Ke selatan lautan mendidih, ke utara gunung memuntahkan lahar,
ke barat ilalang terbakar halilintar, ke timur menuju jurang (XVI: XLVII).
Segerombol awan menghilangkan hari-hari kebosanan, telinga dihuni pekat,
terus ke mana kebekuan tinta sebelum lanjut bicara? (XVI: XLVIII).
Ketika temukan ruang lupa terlupa, air merangkak di tenggorokan siapa?
Mari menemani kekasih menuntun laku secepat kembalikan dirimu (XVI: XLIX).
Bukankah gulungan ombak tidak menguras lautan? Terimalah
kemalangan tenggelam, jikalau tubuh mati menjelma karang (XVI: L).
Ia merawat tapi kalian mengabaikan,
seolah tak pernah bernafas angin ketertinggalan (XVI: LI).
Sempatkan waktumu merenung di kedung, mata dipaksa,
telinga tuli keburukan, bacalah gelisahmu teramat ganjil (XVI: LII).

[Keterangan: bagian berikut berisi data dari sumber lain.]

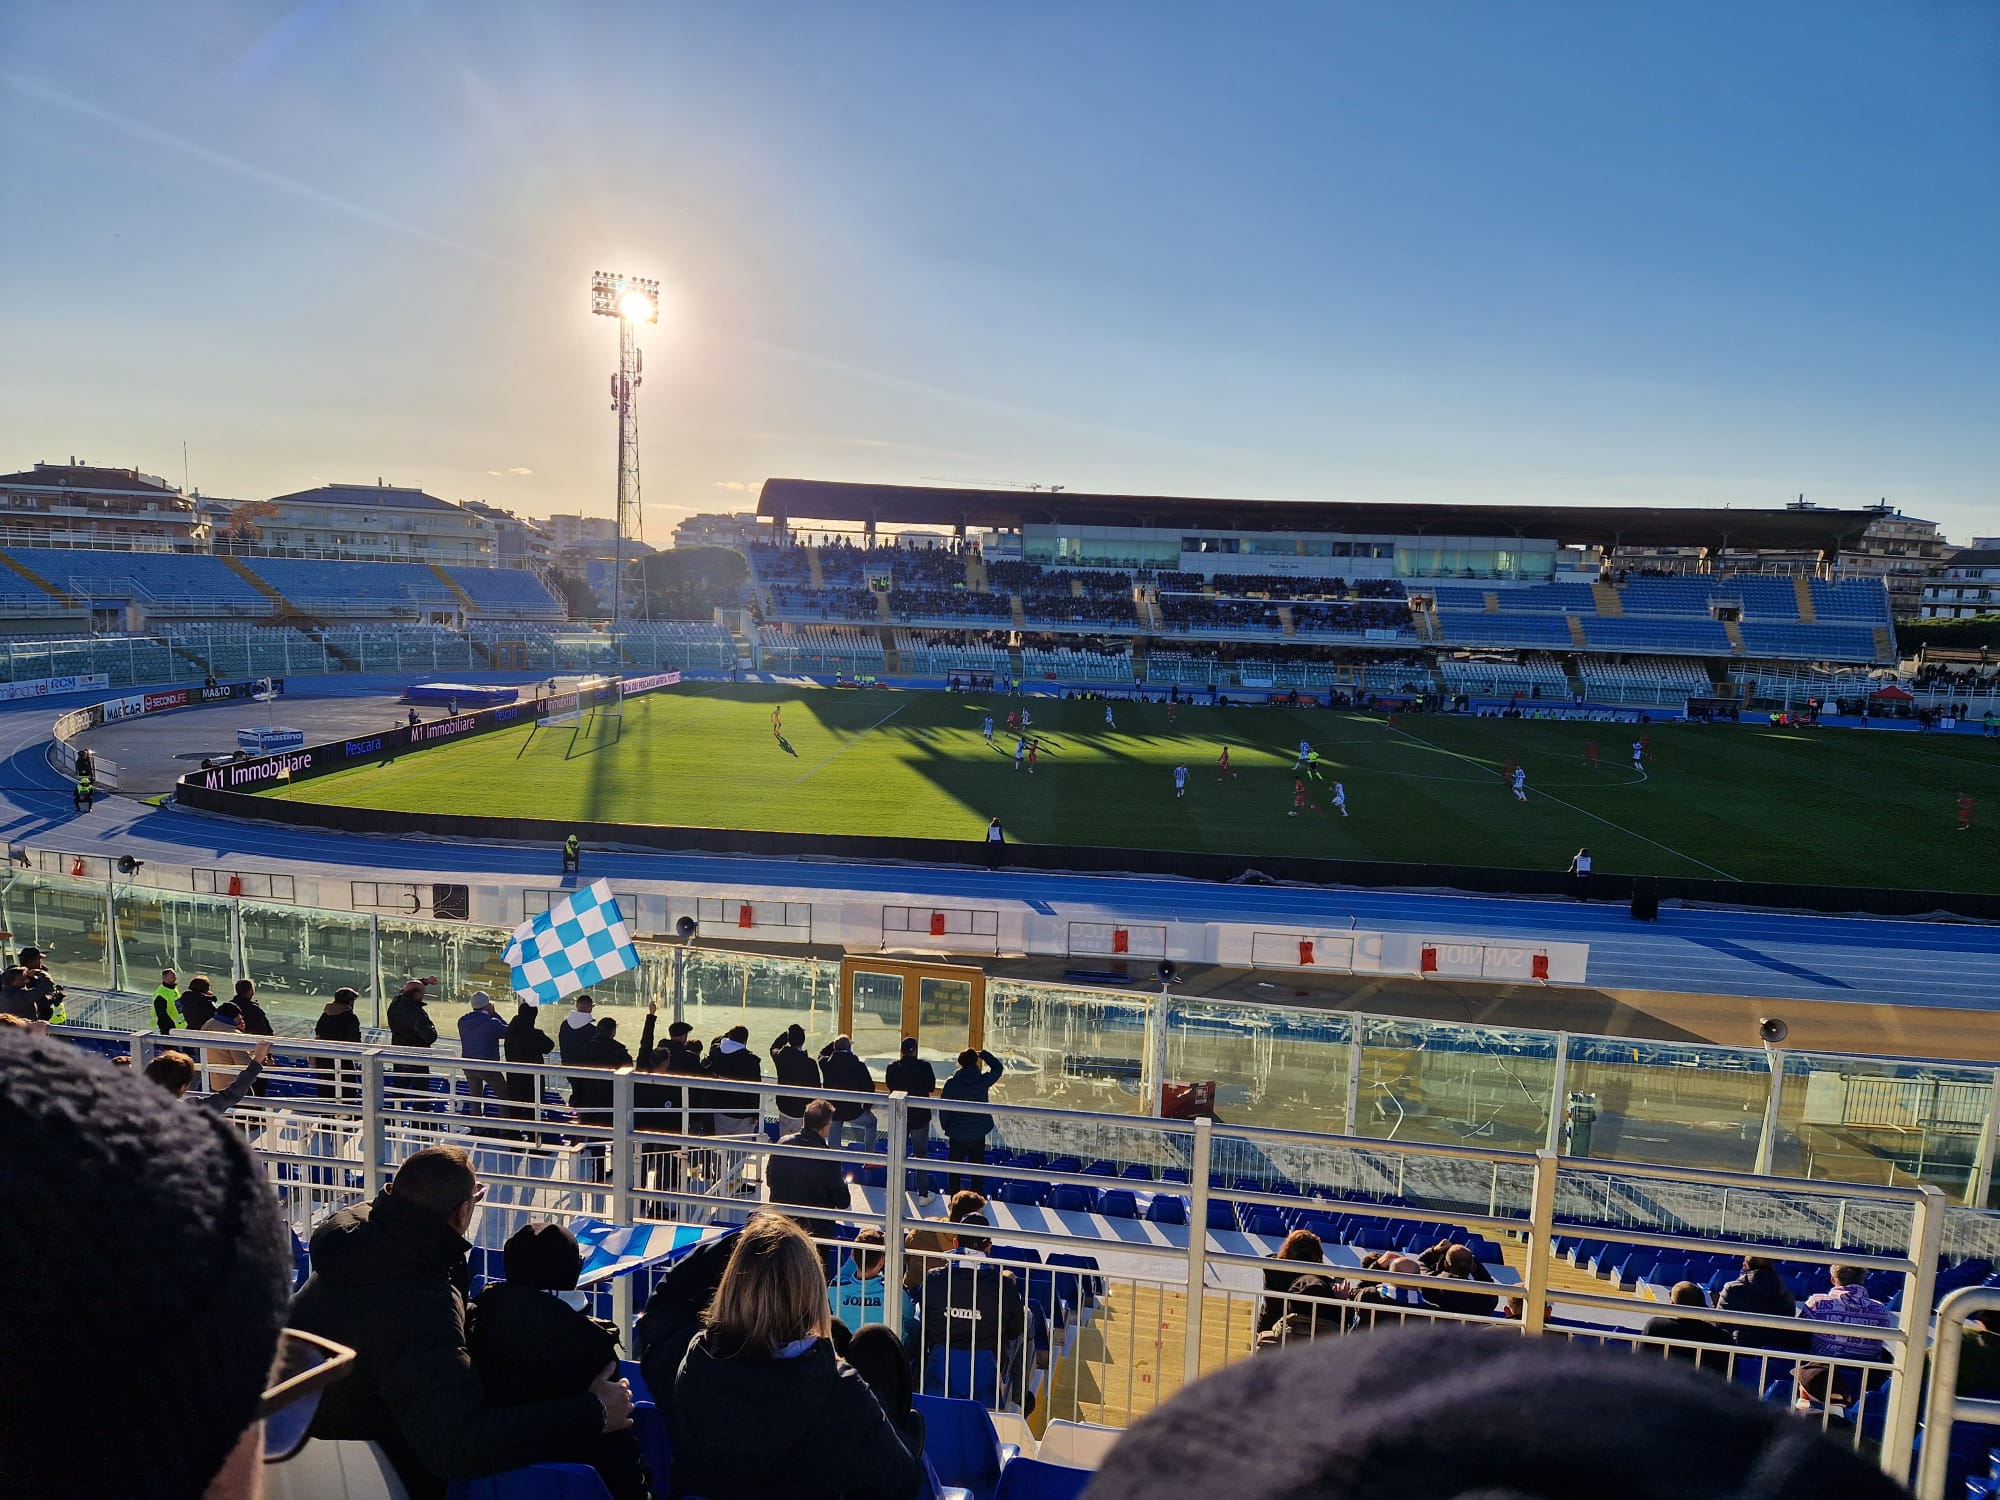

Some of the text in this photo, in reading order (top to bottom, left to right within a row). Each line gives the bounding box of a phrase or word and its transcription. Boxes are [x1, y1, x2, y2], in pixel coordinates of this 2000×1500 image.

Sebongkah batu menggelinding pecah rompal berhamburan,
ada ruang di batas biru merentang keyakinan, tersiarkan wengi terjaga,
mengintai angin menyisir embun membasuh wajah pagi (XVI: LIII).
Yang memastikan tirakat tak berguna ragu kesendirian berbicara,
di masa tak mengenali serupa kemungkinan tiada terjadi (XVI: LIV).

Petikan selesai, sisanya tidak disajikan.